Inmovilizado en su cama, me volteó a ver con dificultad y con cierto interés en que yo escuchara, Horacio me contó un chiste:
— Este era un
tipo que tenía una dificultad: defecaba en sus pantalones cuando saludaba,
cuando daba la mano. Fue a varias consultas médicas de las que salió bien en sus
medidores físicos, siendo la recomendación final del médico visitar al
psiquiatra. Seis meses después, encontrándose con su amigo de la infancia
—quien conocía su problema— lo saludó dándole un apretón de manos. Su amigo,
sorprendido, le dijo “¡Caramba! Veo que ya no tienes tu problema”, a lo que le
contestó “Todavía me cago, lo que pasa es que ya no me importa”.
Me reí como como
quien se ríe de un chiste contado por un enfermo terminal. Es como entrar en
esa cueva llevado a juro, lanzado a ese rincón oscuro para intentar condescender
con la persona postrada. Fue divagar al no saber qué es lo que pasa en la
cabeza del otro y, sobre todo, por nuestra cabeza.
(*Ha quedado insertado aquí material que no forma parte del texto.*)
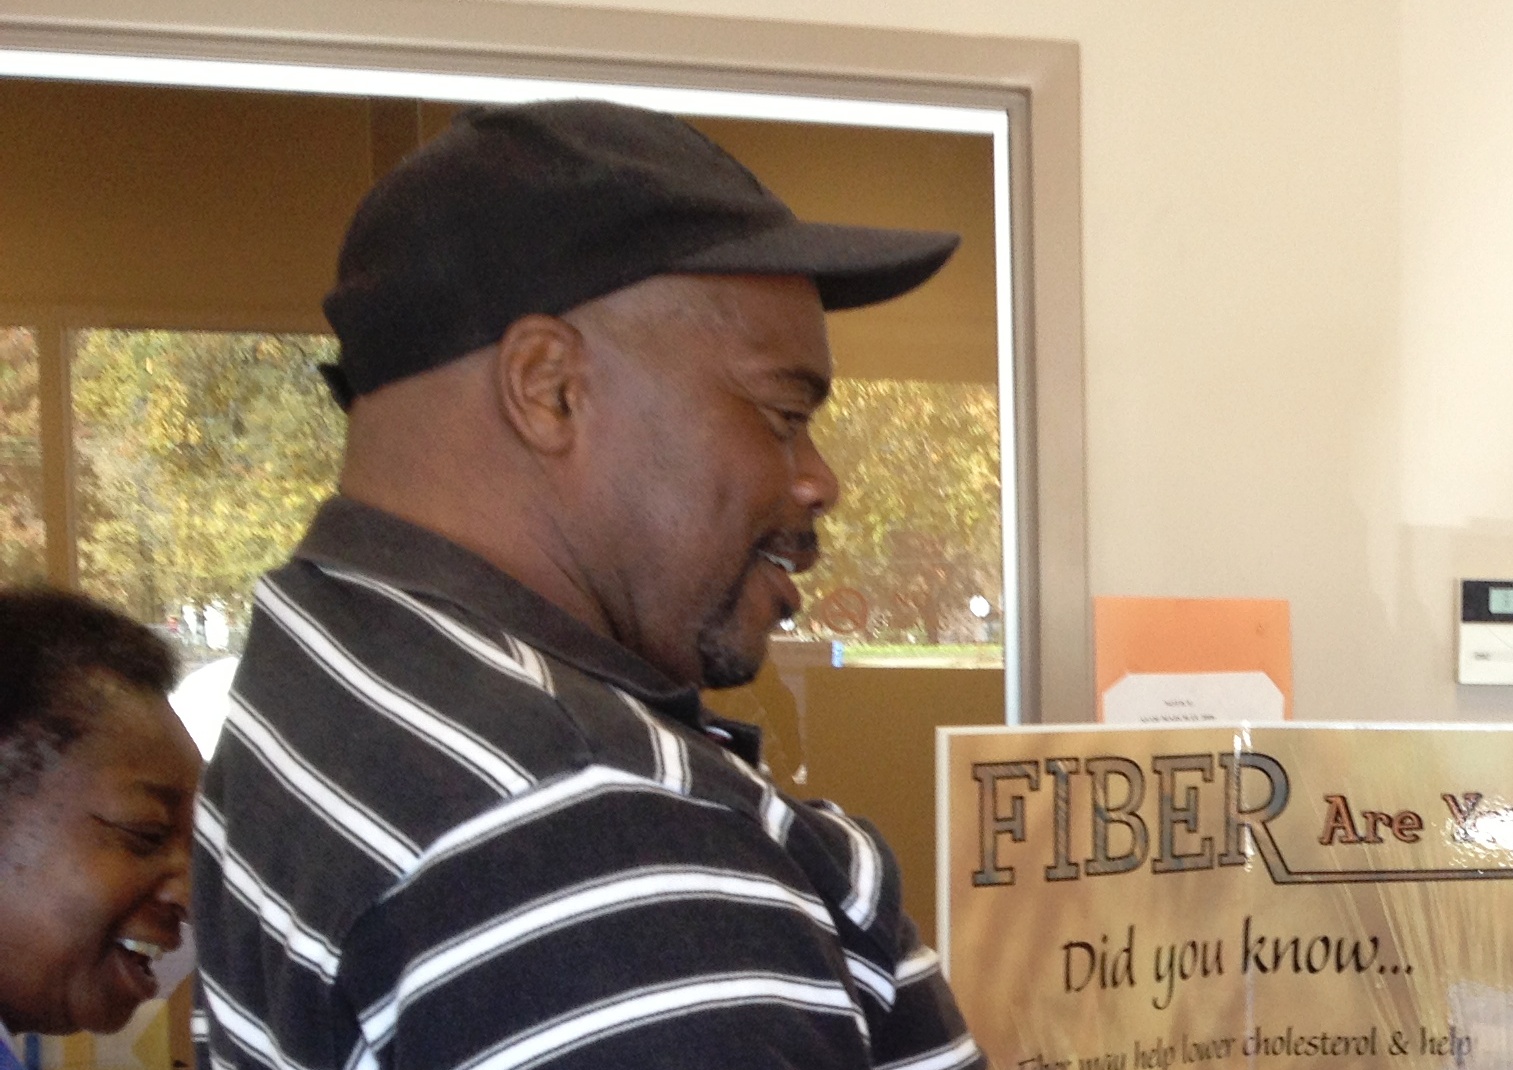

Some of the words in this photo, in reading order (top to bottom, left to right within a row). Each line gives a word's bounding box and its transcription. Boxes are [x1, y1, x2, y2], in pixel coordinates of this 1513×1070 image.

[972, 752, 1290, 887] FIBER
[1319, 794, 1424, 846] Are
[1061, 923, 1137, 993] Did
[1151, 937, 1224, 1011] you
[1241, 914, 1415, 976] know...
[1181, 1032, 1237, 1065] lower
[1242, 1025, 1378, 1057] cholesterol
[1388, 1030, 1410, 1056] &
[1419, 1025, 1472, 1067] help
Fue una pequeña vorágine
entre practicar la compasión o la empatía, de seguir la corriente frívolamente
o de hacer quién sabe qué cosa que debamos hacer en ese momento de desconcierto.
El recuerdo de
ese momento tan embarazoso me persiguió varios días después del fallecimiento
de Horacio, y no fue hasta una madrugada en la que no podía conciliar el sueño
que entendí, aliviado, el mensaje de Horacio: me voy en paz.